Top of Data records
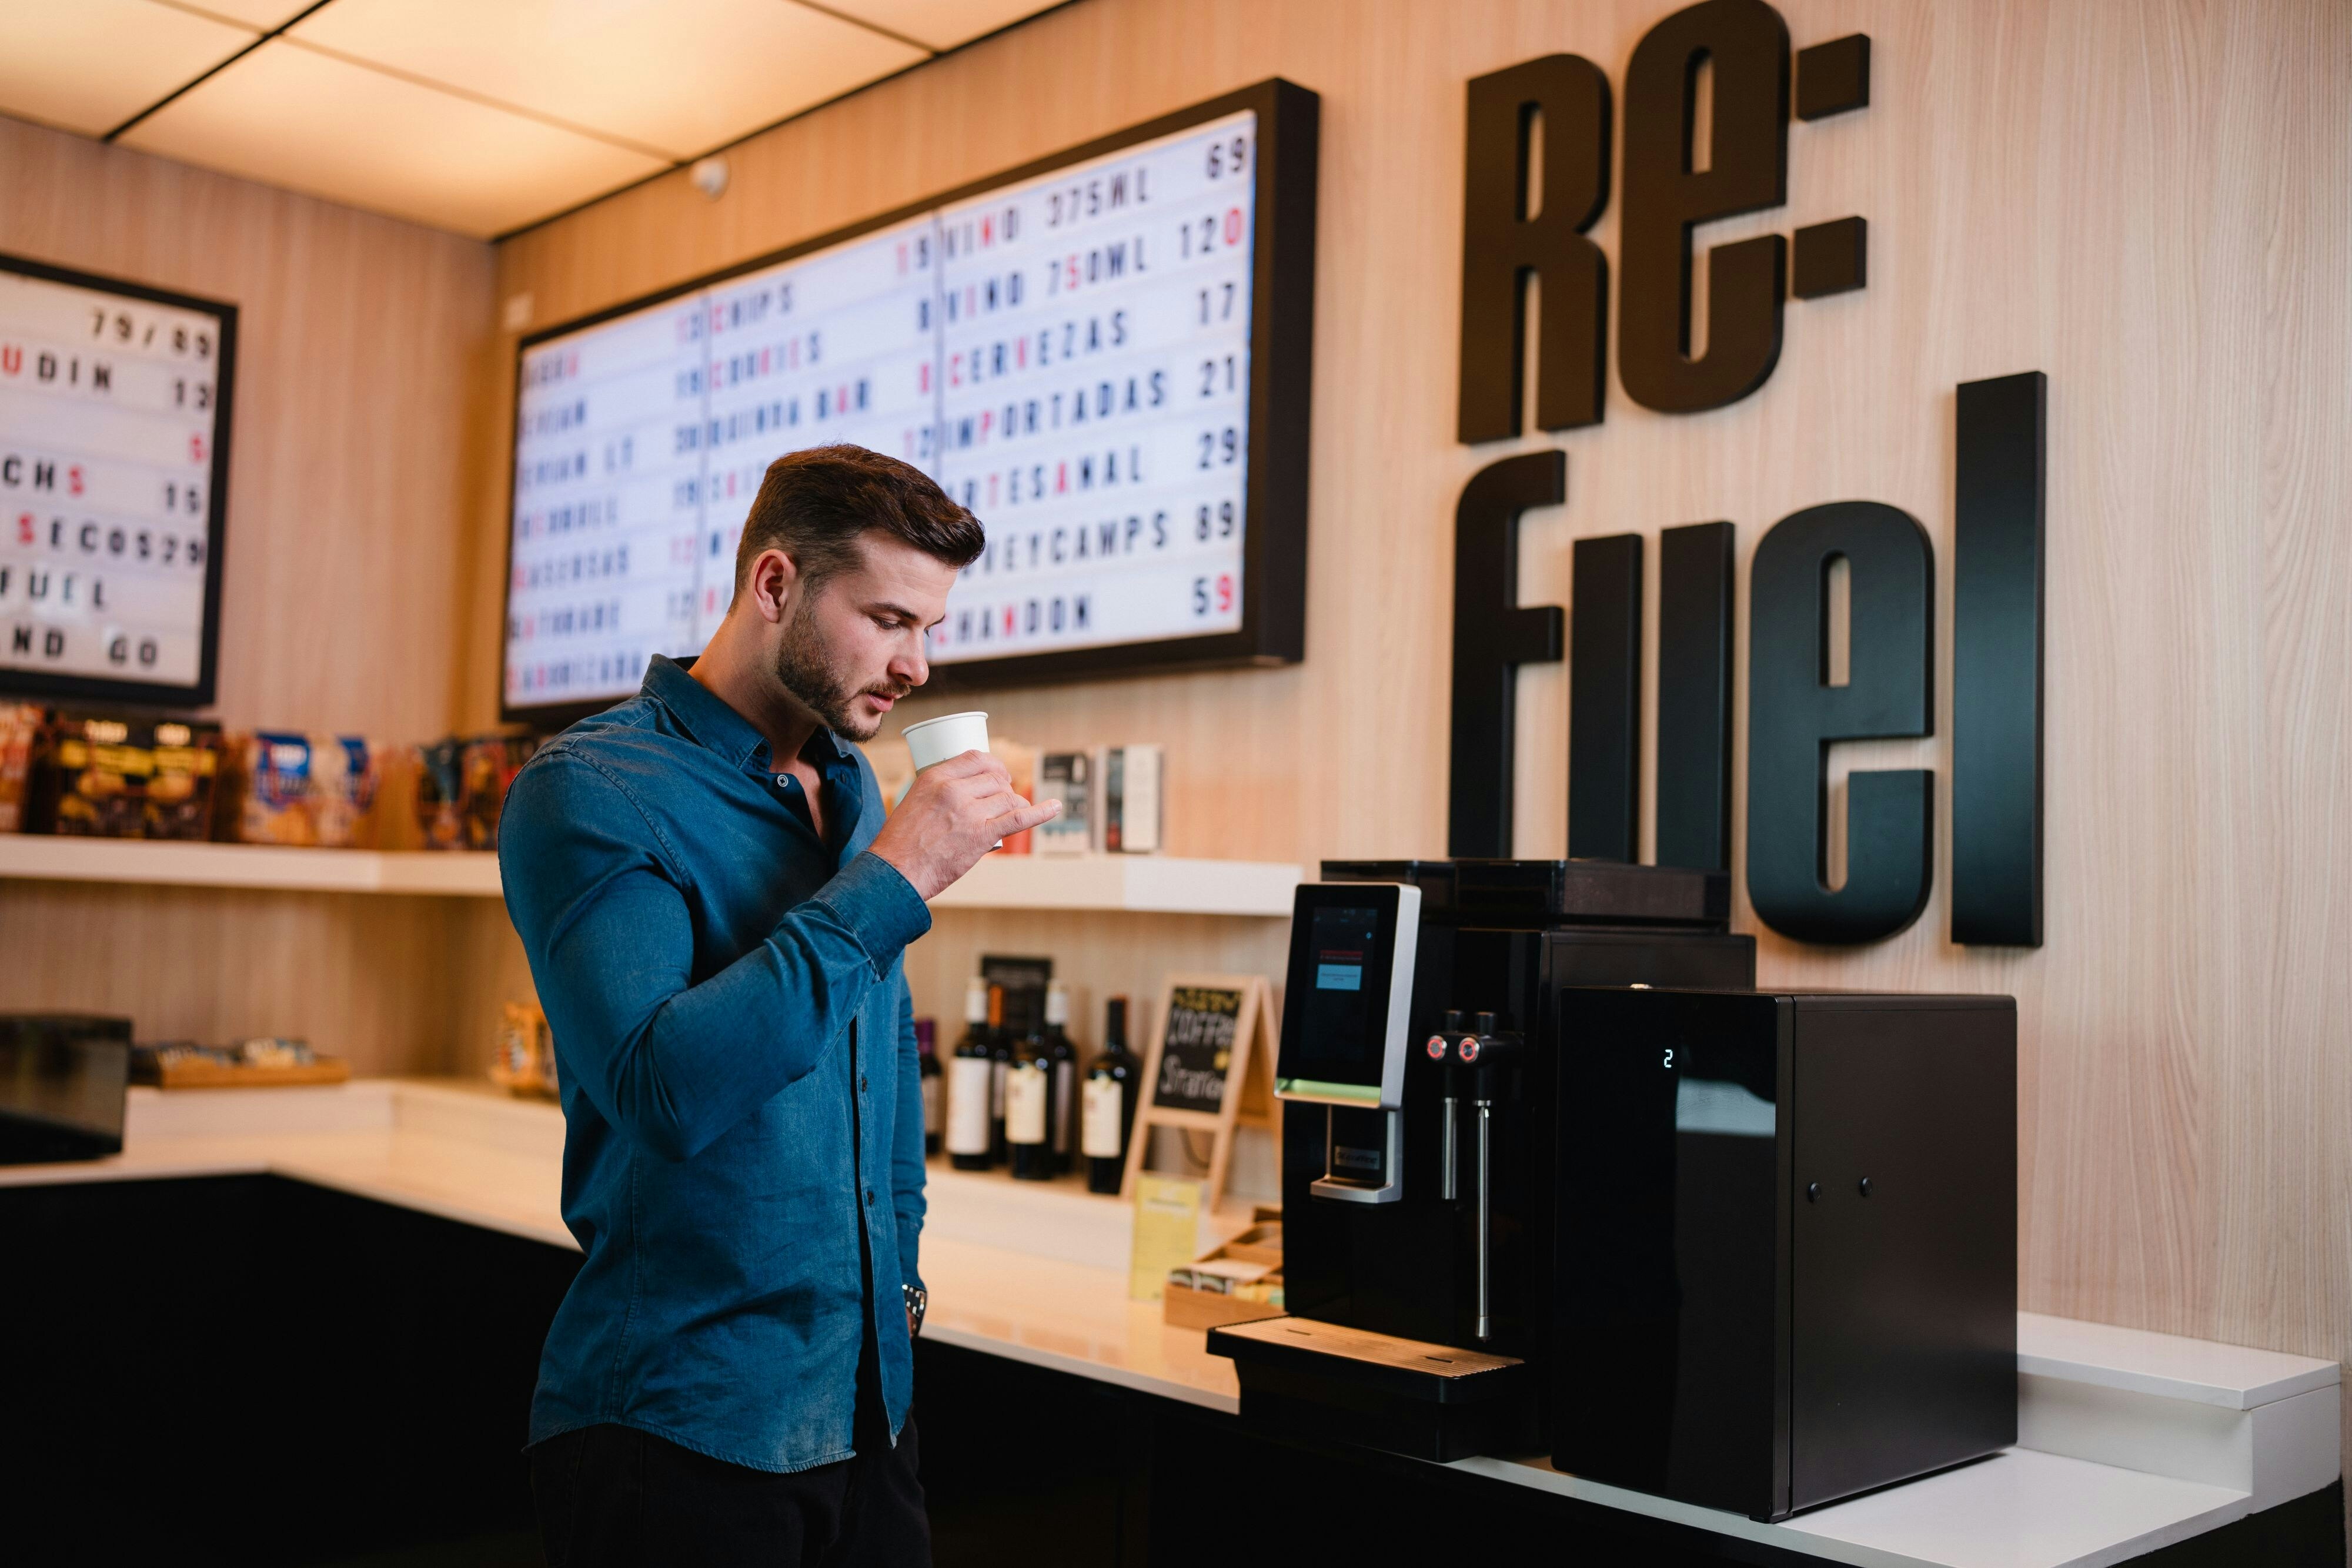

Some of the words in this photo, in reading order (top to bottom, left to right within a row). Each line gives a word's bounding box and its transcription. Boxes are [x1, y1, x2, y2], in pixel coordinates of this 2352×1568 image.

[1206, 136, 1245, 181] 69
[1179, 208, 1243, 259] 120
[947, 310, 1128, 387] CERVEZAS
[1198, 281, 1235, 326] 17
[1200, 356, 1235, 397] 21
[1197, 427, 1238, 470] 29
[1196, 501, 1234, 542] 89
[1191, 574, 1234, 614] 59
[0, 626, 65, 657] ND
[1664, 1049, 1673, 1068] 2
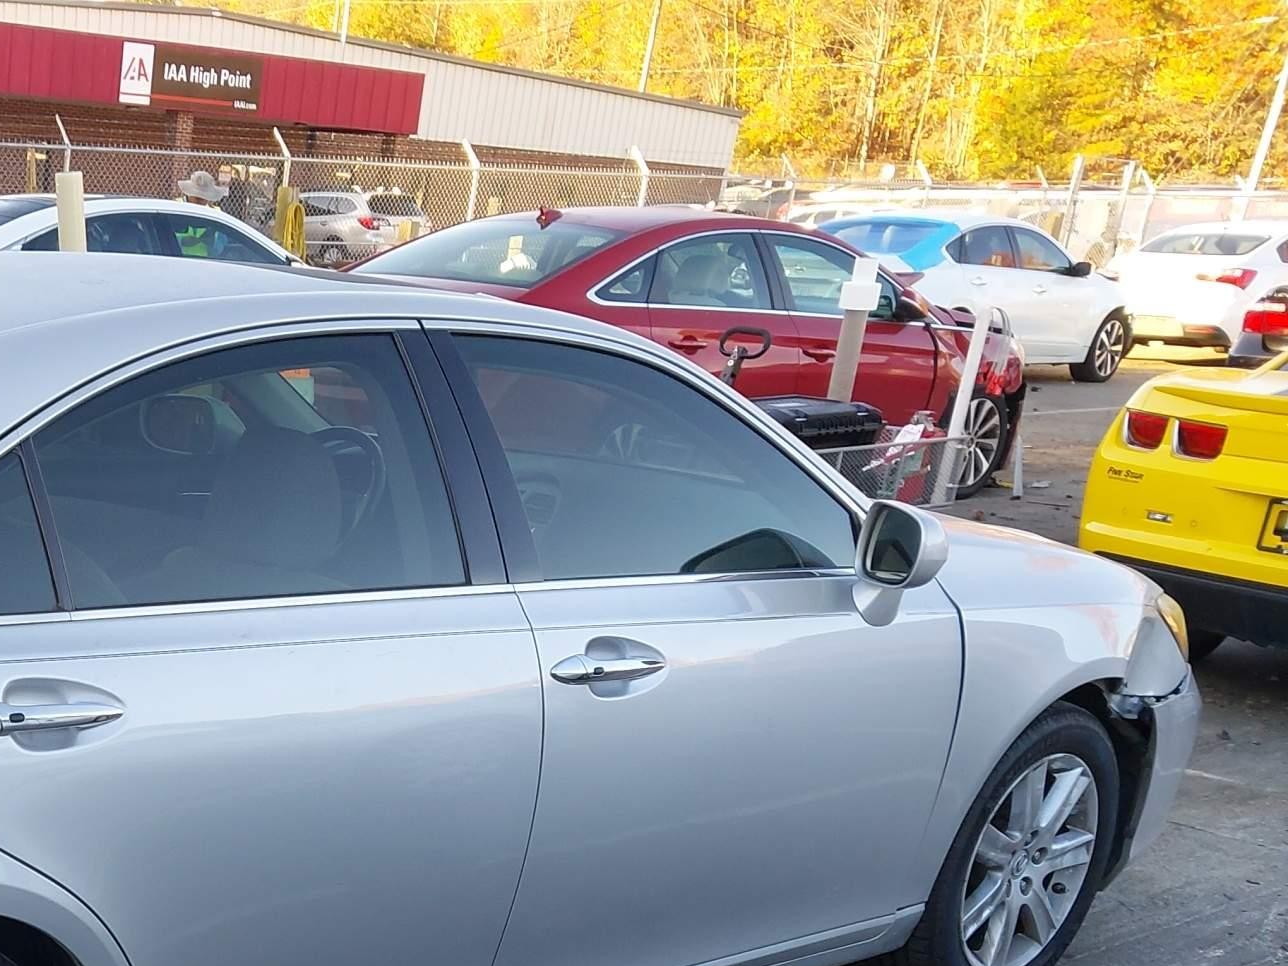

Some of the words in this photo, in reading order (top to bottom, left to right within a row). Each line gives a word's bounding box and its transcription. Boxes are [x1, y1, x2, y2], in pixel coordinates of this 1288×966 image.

[163, 62, 187, 82] IAA
[190, 65, 218, 89] High
[220, 68, 252, 89] Point
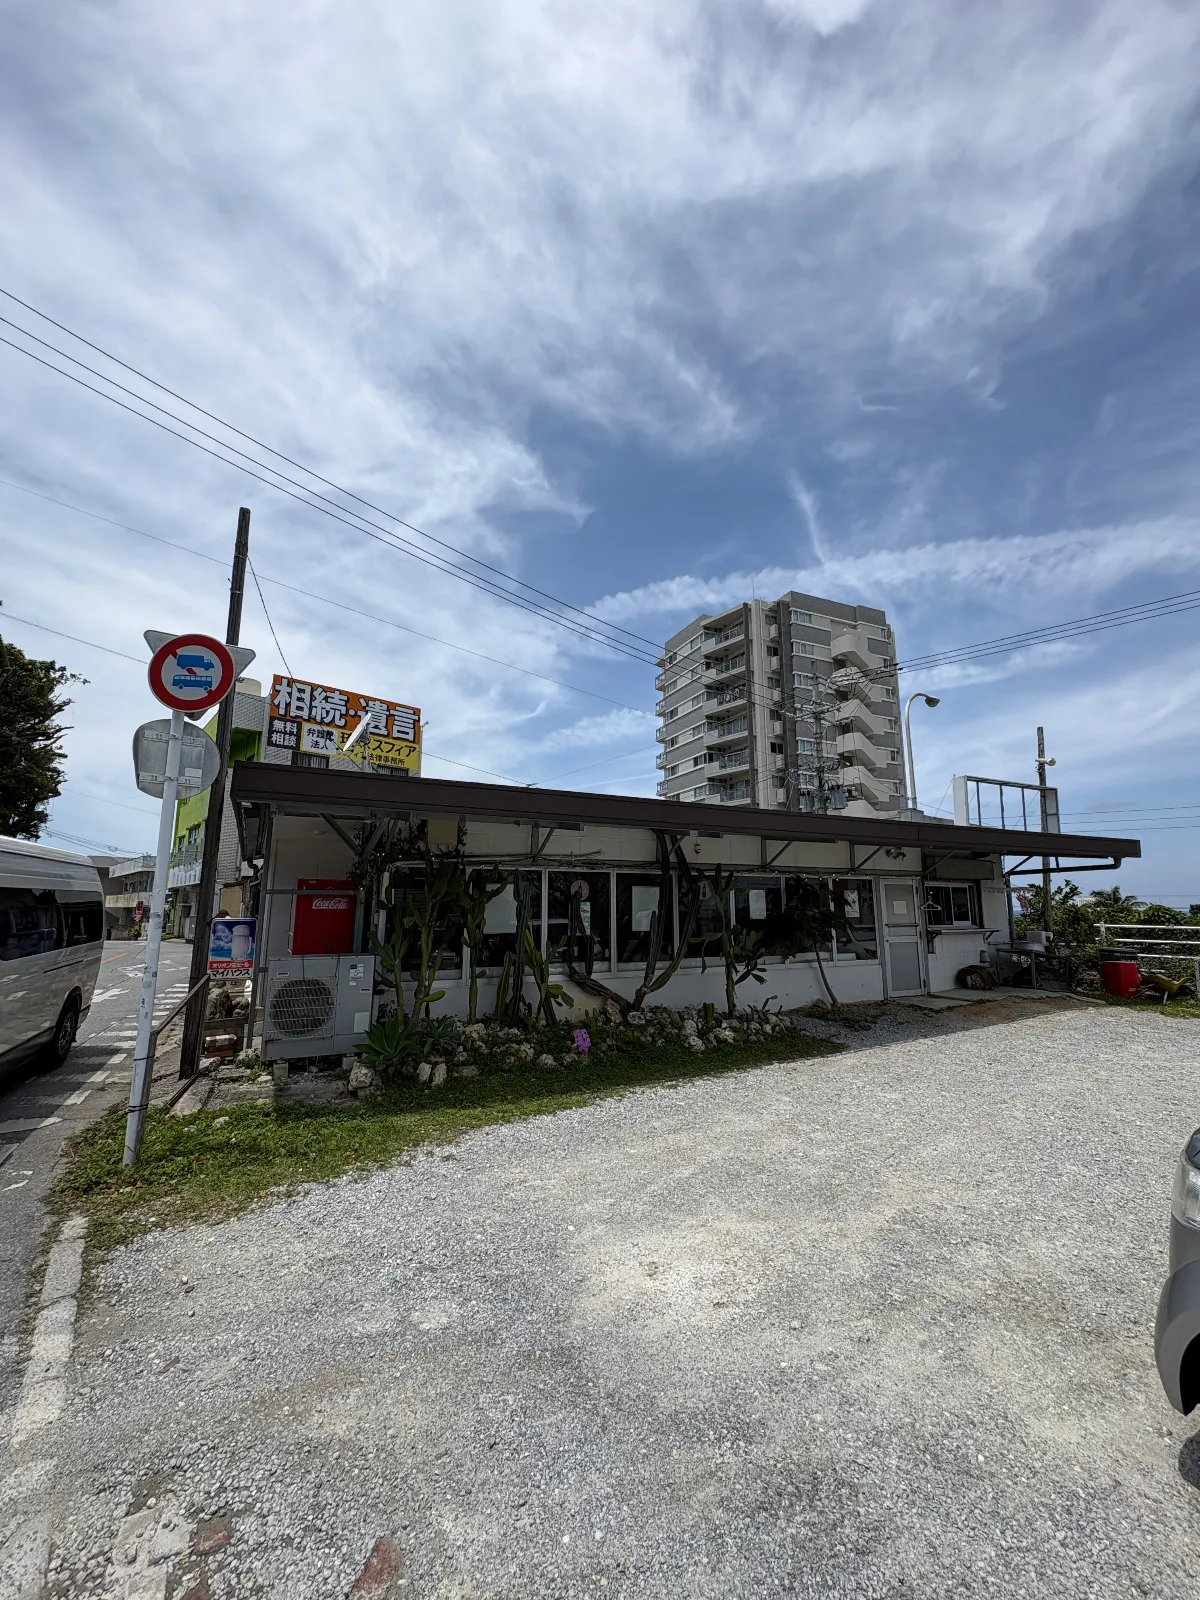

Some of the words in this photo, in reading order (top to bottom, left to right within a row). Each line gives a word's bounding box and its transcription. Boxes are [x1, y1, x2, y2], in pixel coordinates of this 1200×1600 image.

[272, 678, 419, 742] 相続・遺言
[272, 719, 298, 735] 無料
[270, 732, 297, 748] 相談
[210, 968, 251, 978] マイハウス
Bottom of Data records
== Task brief ==
Repeat each line above exactly as it reads, omitting any pictures.

== Exercise answer ==
Some of the words in this photo, in reading order (top to bottom, left to right within a row). Each line gives a word's bounding box and its transcription. Boxes are [x1, y1, x2, y2], in pixel coordinates of this 2352×1568 image.

[1206, 136, 1245, 181] 69
[1179, 208, 1243, 259] 120
[947, 310, 1128, 387] CERVEZAS
[1198, 281, 1235, 326] 17
[1200, 356, 1235, 397] 21
[1197, 427, 1238, 470] 29
[1196, 501, 1234, 542] 89
[1191, 574, 1234, 614] 59
[0, 626, 65, 657] ND
[1664, 1049, 1673, 1068] 2

Some of the words in this photo, in reading order (top to bottom, left to right within a row). Each line gives a word's bounding box and its transcription. Boxes are [x1, y1, x2, y2], in pixel coordinates of this 1288×966 image.

[163, 62, 187, 82] IAA
[190, 65, 218, 89] High
[220, 68, 252, 89] Point

Some of the words in this photo, in reading order (top to bottom, left to right within a row). Each line gives a word's bounding box and its transcription. Boxes are [x1, y1, x2, y2], in pixel coordinates of this 1200×1600 image.

[272, 678, 419, 742] 相続・遺言
[272, 719, 298, 735] 無料
[270, 732, 297, 748] 相談
[210, 968, 251, 978] マイハウス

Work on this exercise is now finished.